To resolve that issue, the paper has adopted a subscription model. Print subscribers get to see the online classifieds before nonsubscribers, and they are also offered an enhanced online product that includes features not found in the print version.
Collins believes that in the long run the opportunities for her newspaper are not in duplicating classifieds online, but in using the unique features of the Web to capture advertising that print products have never been able to crack. For instance, she estimates that 10% of employment openings are advertised; 90% never are. Providing ways for job seekers to find those openings and for employers to fill those unadvertised jobs is an enormous potential market, Collins says.

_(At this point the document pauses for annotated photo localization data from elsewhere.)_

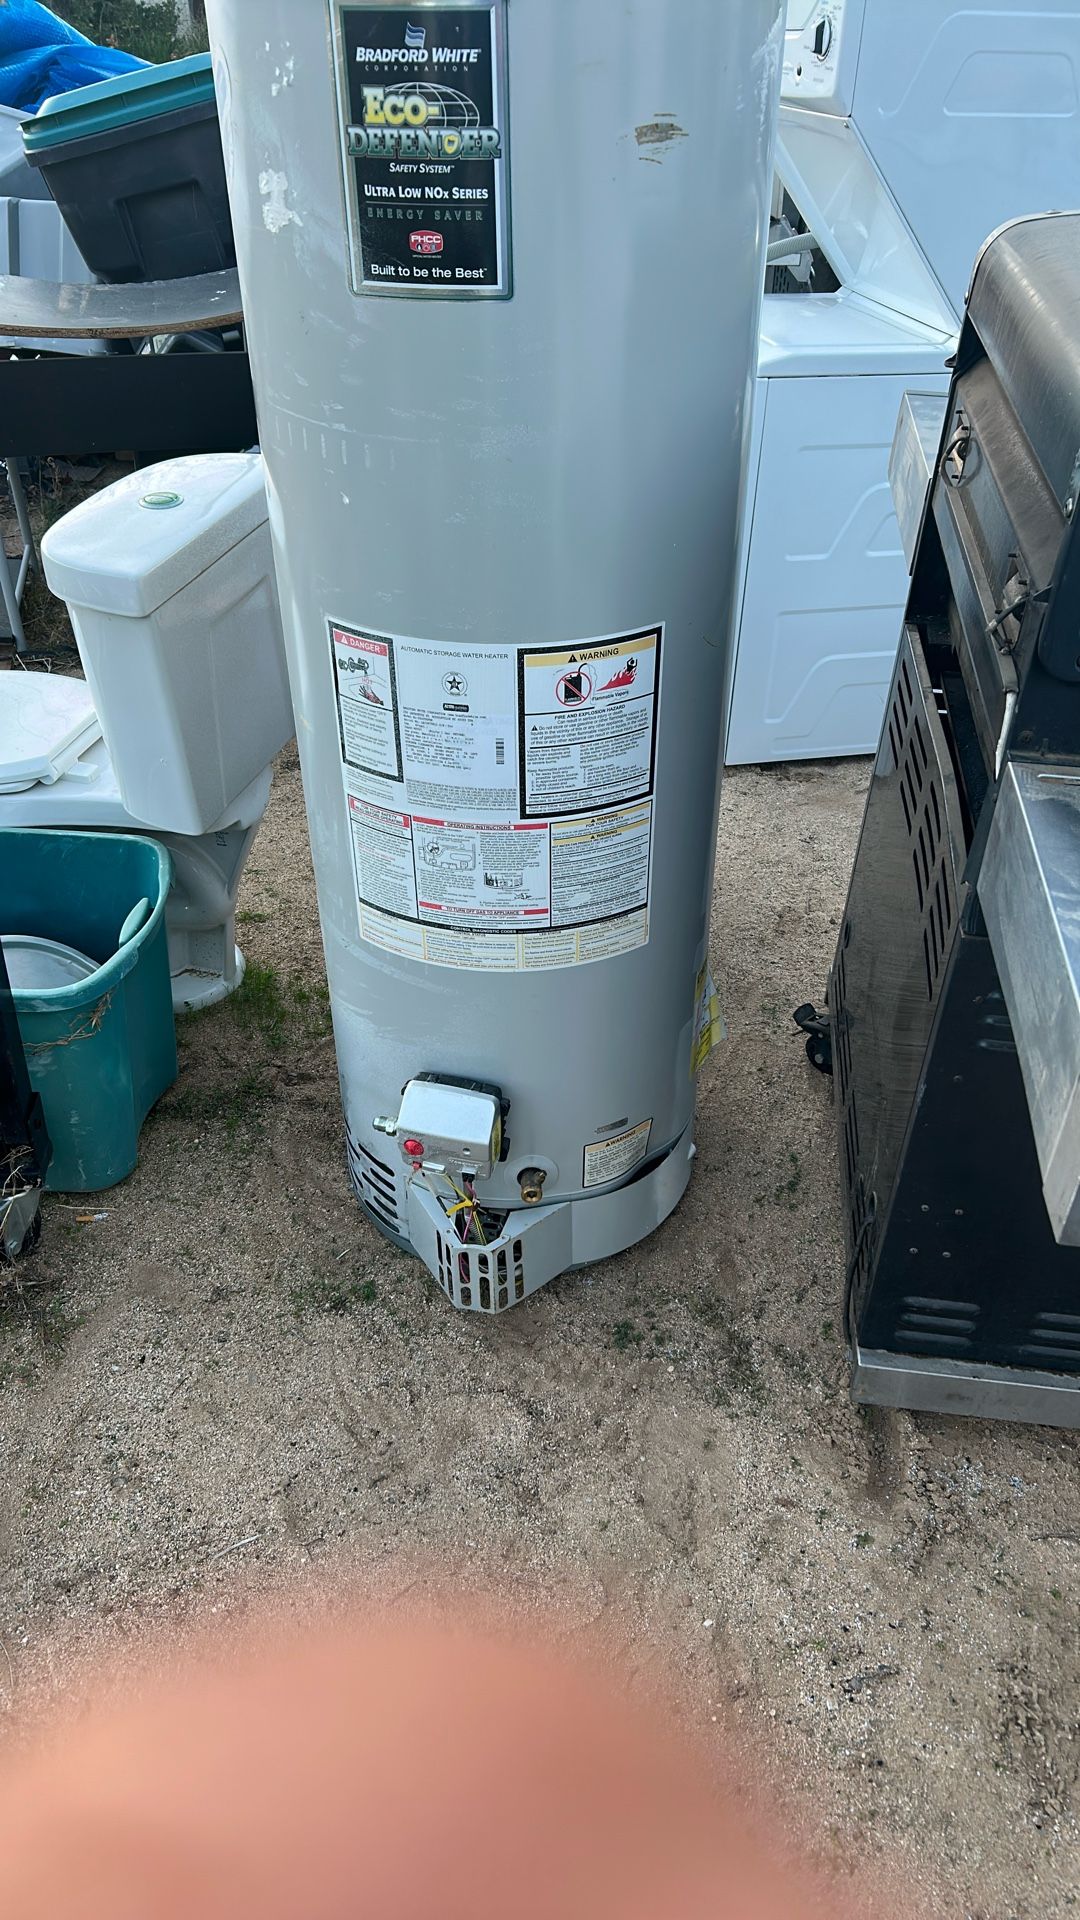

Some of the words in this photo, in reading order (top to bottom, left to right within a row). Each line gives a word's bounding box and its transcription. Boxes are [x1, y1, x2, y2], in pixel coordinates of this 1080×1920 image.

[355, 46, 428, 63] BRADFORD
[347, 126, 501, 160] DEFENDER
[389, 162, 418, 174] SAFETY
[364, 184, 396, 198] ULTRA
[398, 185, 422, 199] LOW
[452, 187, 488, 200] SERIES
[367, 207, 424, 220] ENERGY
[434, 209, 483, 221] SAVER
[411, 235, 441, 244] PHCC
[371, 264, 395, 276] Built
[398, 266, 410, 277] to
[413, 267, 429, 278] be
[432, 267, 452, 278] the
[350, 638, 380, 653] DANGER
[401, 645, 433, 656] AUTOMATIC
[433, 650, 461, 658] STORAGE
[579, 648, 619, 661] WARNING
[579, 709, 606, 717] EXPLOSION
[596, 813, 618, 822] WARNING
[447, 822, 474, 830] OPERATING
[597, 829, 617, 838] WARNING
[610, 1130, 636, 1145] WARNING

Brad Mindich, director of online media for Phoenix Media Corp. and TPI, its personals subsidiary, scolded newspapers for not leveraging the information they collect on readers and advertisers. Mindich used a dramatic illustration of a single personal ad. Using voice recognition software and a program that was able to extract useful demographic and personal data from a voice personal, Mindich demonstrated that savvy marketers could target a personals user for the benefit of the paper and other advertisers.
Users of voice personals are usually forthcoming about employment, residence, interests, and hobbies. Mindich says his company will share this information with newspapers that use TPI and this partnership can result in advertising revenue from companies interested in this kind of highly targeted marketing. In his example, the personals user was a teacher who also had a second job, lived in an affluent neighborhood and liked hockey and bike riding.
In Mindich's scenario, the advertisers would have the opportunity to place ads on the linked page where the personals user went to get her results ? ads that only she would see. Mindich dismissed privacy concerns, saying that the information never left TPI and users have the option of not buying a personals ad.